*About this task*:
Verbatim repeat, images excluded. Give each entry again as written.

(Stored items from a collection)
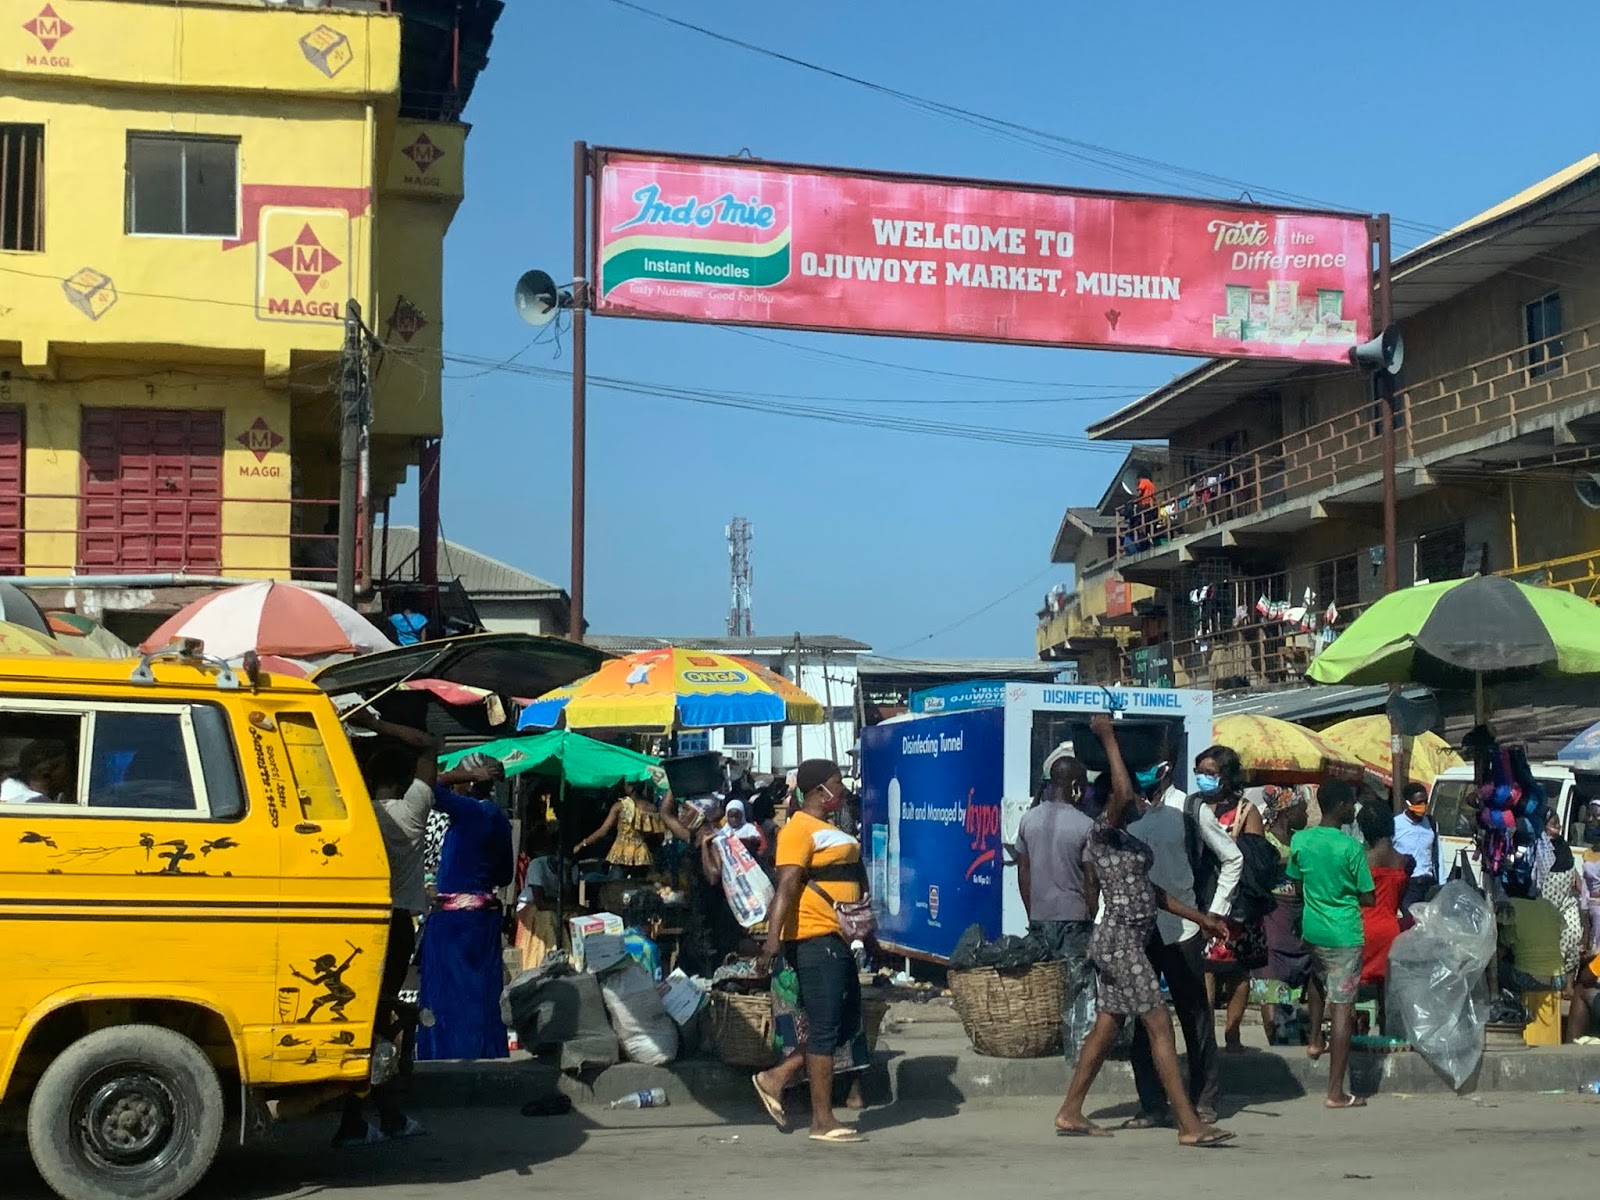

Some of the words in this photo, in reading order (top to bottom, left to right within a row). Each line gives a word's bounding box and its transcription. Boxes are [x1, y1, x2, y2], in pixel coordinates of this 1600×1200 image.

[39, 19, 58, 35] M
[26, 55, 70, 67] MAGGI
[404, 176, 440, 187] MAGGI
[872, 218, 1025, 255] WELCOME
[1035, 229, 1074, 258] TO
[1207, 219, 1270, 251] Taste
[1291, 231, 1315, 245] the
[296, 246, 319, 272] M
[643, 257, 691, 275] Instant
[694, 262, 750, 279] Noodles
[1231, 251, 1347, 271] Difference
[801, 252, 937, 286] OJUWOYE
[945, 262, 1068, 297] MARKET,
[1075, 271, 1181, 301] MUSHIN
[709, 291, 735, 301] Good
[268, 298, 340, 318] MAGGI
[239, 466, 280, 478] MAGGI
[686, 672, 743, 683] ONGA
[1134, 693, 1183, 709] TUNNEL
[902, 733, 938, 758] Disinfecting
[939, 729, 963, 752] Tunnel
[902, 802, 914, 819] Built
[915, 802, 926, 820] and
[927, 803, 957, 826] Managed
[958, 800, 967, 827] by

*Task output*:
Some of the words in this photo, in reading order (top to bottom, left to right within a row). Each line gives a word's bounding box and its transcription. Boxes are [x1, y1, x2, y2], in pixel coordinates of this 1600×1200 image.

[39, 19, 58, 35] M
[26, 55, 70, 67] MAGGI
[404, 176, 440, 187] MAGGI
[872, 218, 1025, 255] WELCOME
[1035, 229, 1074, 258] TO
[1207, 219, 1270, 251] Taste
[1291, 231, 1315, 245] the
[296, 246, 319, 272] M
[643, 257, 691, 275] Instant
[694, 262, 750, 279] Noodles
[1231, 251, 1347, 271] Difference
[801, 252, 937, 286] OJUWOYE
[945, 262, 1068, 297] MARKET,
[1075, 271, 1181, 301] MUSHIN
[709, 291, 735, 301] Good
[268, 298, 340, 318] MAGGI
[239, 466, 280, 478] MAGGI
[686, 672, 743, 683] ONGA
[1134, 693, 1183, 709] TUNNEL
[902, 733, 938, 758] Disinfecting
[939, 729, 963, 752] Tunnel
[902, 802, 914, 819] Built
[915, 802, 926, 820] and
[927, 803, 957, 826] Managed
[958, 800, 967, 827] by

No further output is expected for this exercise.